Table values are mean (standard deviation) and count (percent) for continuous and categorical variables, respectively.

Among the PVT-B performance metrics, we derived the LRM-50 as the outcome of interest, since it has been shown to be highly sensitive to sleep deprivation and has an approximately normal distribution38. LRM-50 is a likelihood ratio-based metric that is based on response time (RT) distributions derived from either a non-sleep deprived (non-SDP) state corresponding to the first 15 h of wakefulness, or a sleep deprived (SDP) state corresponding to hours 15 through 33 of wakefulness. In the original study, these distributions were derived from participants in a total sleep deprivation protocol who performed the PVT every 2 h38. The RT space was divided into 50 categories consisting of 49 RT intervals plus false starts. For a certain RT range, the likelihood ratio was calculated as the relative frequency of responses falling into the range under the SDP condition, divided by that of responses falling into the range under the non-SDP condition. Likelihood ratios greater than 1 indicate that responses in that range are more likely to be observed under the SDP condition compared to non-SDP, and conversely for likelihood ratios less than 1. The LRM-50 score is calculated by determining the RT range and associated likelihood ratio for each PVT-B stimulus. Likelihood ratios of all stimuli are then multiplied and log-transformed to induce symmetry around zero. Therefore, an LRM-50 of 0 means that this test bout is equally likely to be observed under an SDP or non-SDP condition. When LRM-50 < 0, the non-SDP condition is more likely relative to SDP, and conversely for LRM-50 > 0. LRM-50 correlates highly with response speed (reciprocal RT), but has the advantage that it also takes false starts (i.e., premature responses) into account. Compared to LRM-50, other commonly used PVT metrics35, such as the number of lapses or false starts, were less effective in differentiating high performers such as astronauts (Fig. 1). We also considered a standardized measure of LRM-50, linearly scaled by each participant's mean and standard deviation.

Figure 1.

Figure 1

The LRM-50 score is best able to differentiate between the high performers in our sample, which includes pre-, post-, and in-flight observations (n = 2968) for all astronauts. These scatterplots show the joint distribution of LRM-50 with four popular PVT metrics: lapses, false starts, total errors (lapses + false starts), and the overall performance score (OPS). The histograms at the top and right edges show the marginal distributions of the variables on the x- and y-axes, respectively. Compared to other PVT metrics, the LRM-50 score is more normally distributed and is more sensitive to better performers (i.e., those with lower LRM-50).

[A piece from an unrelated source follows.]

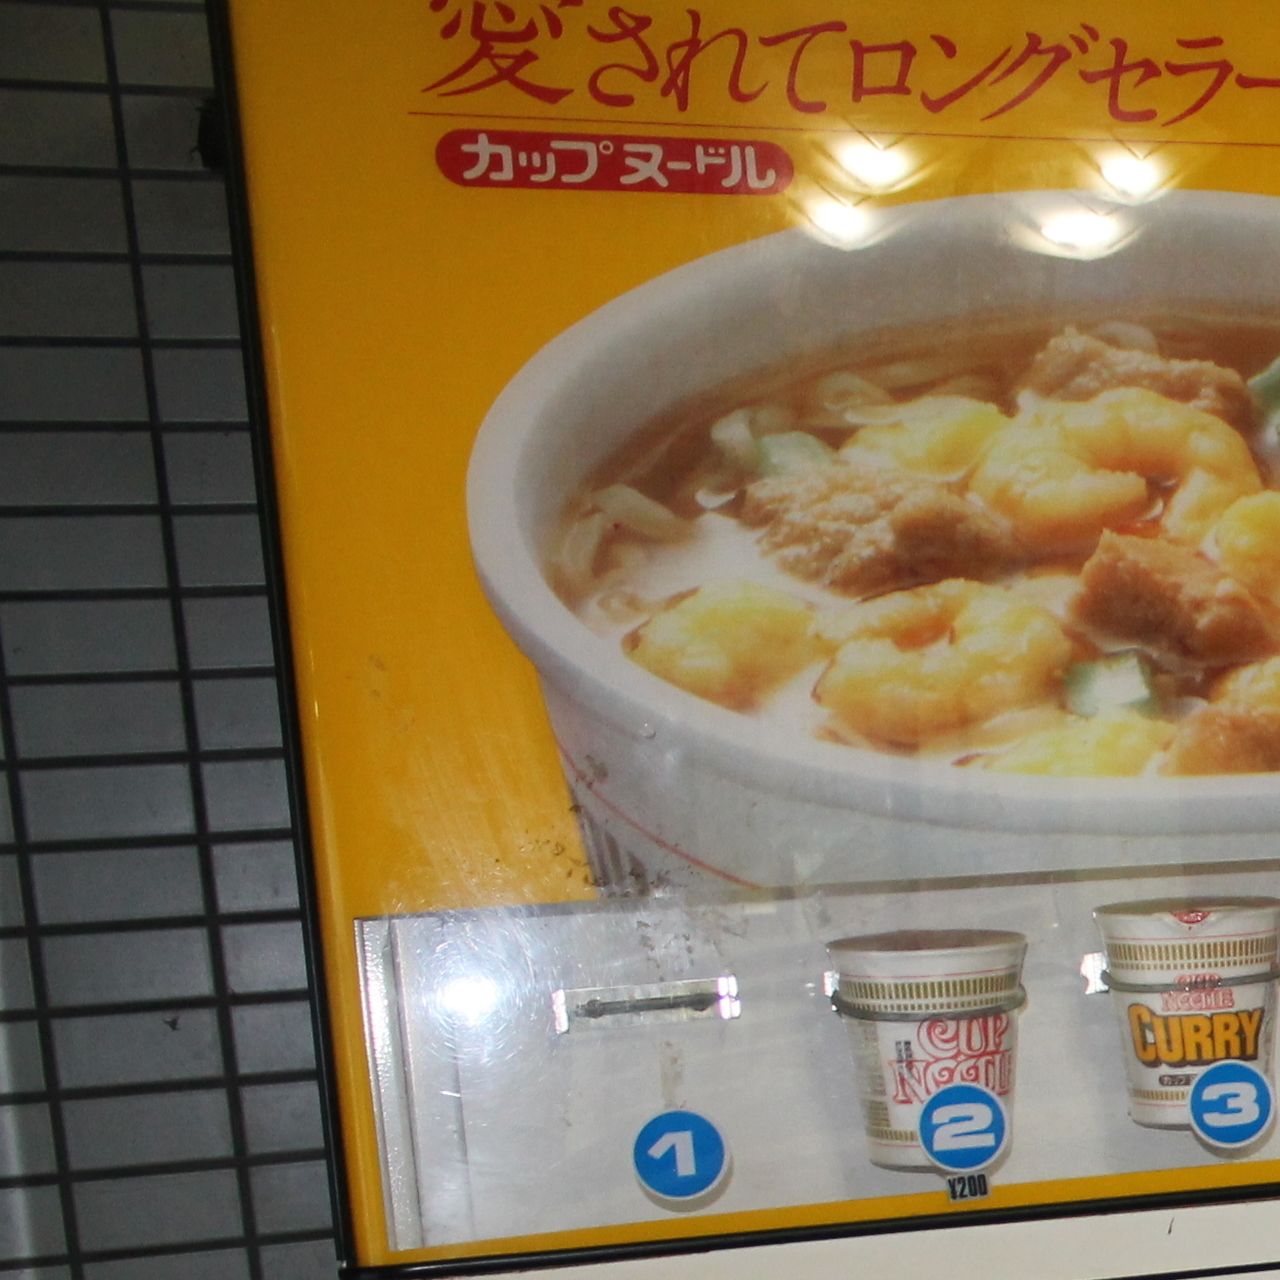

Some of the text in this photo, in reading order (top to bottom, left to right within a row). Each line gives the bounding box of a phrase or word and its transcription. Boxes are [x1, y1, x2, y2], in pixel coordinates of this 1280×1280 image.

Finally, as a person-level measure of baseline performance, we considered each participant's average pre-flight Overall Performance Score (OPS):

Overall Performance Score=1-False Starts+LapsesValid StimuliIncluding False Starts.

The OPS is moderately sensitive to sleep loss, combines false starts and lapses into a single number, and is easily interpretable: an OPS of 1 corresponds to perfect performance, while 0 corresponds to the worst possible performance.

Environmental data

During the in-flight study period, five domains of environmental measures were recorded on the ISS. Radiation dose levels were obtained from the Space Radiation Analysis Group at NASA Johnson Space Center, and were summarized in daily absorbed dosage units (mGy) based on readings from dosimeters located aboard the ISS. The radiation dose was defined as the sum of radiation due to Galactic Cosmic Rays and the South Atlantic Anomaly. Measurements were collected from the following instruments over the course of the study: passive dosimeters (Radiation Area Monitor, 2009–2012), active dosimeters (Radiation Environment Monitor, 2012–2014), Tissue Equivalent Proportional Counter (TEPC, 2009–2012), and Intravehicular Tissue Equivalent Proportional Counter (IV-TEPC, 2013–2014). These instruments were rotated between several ISS modules (US Lab, Node 2, JEM, Columbus Module, and Service Module) at different times during the study period (Fig. S2).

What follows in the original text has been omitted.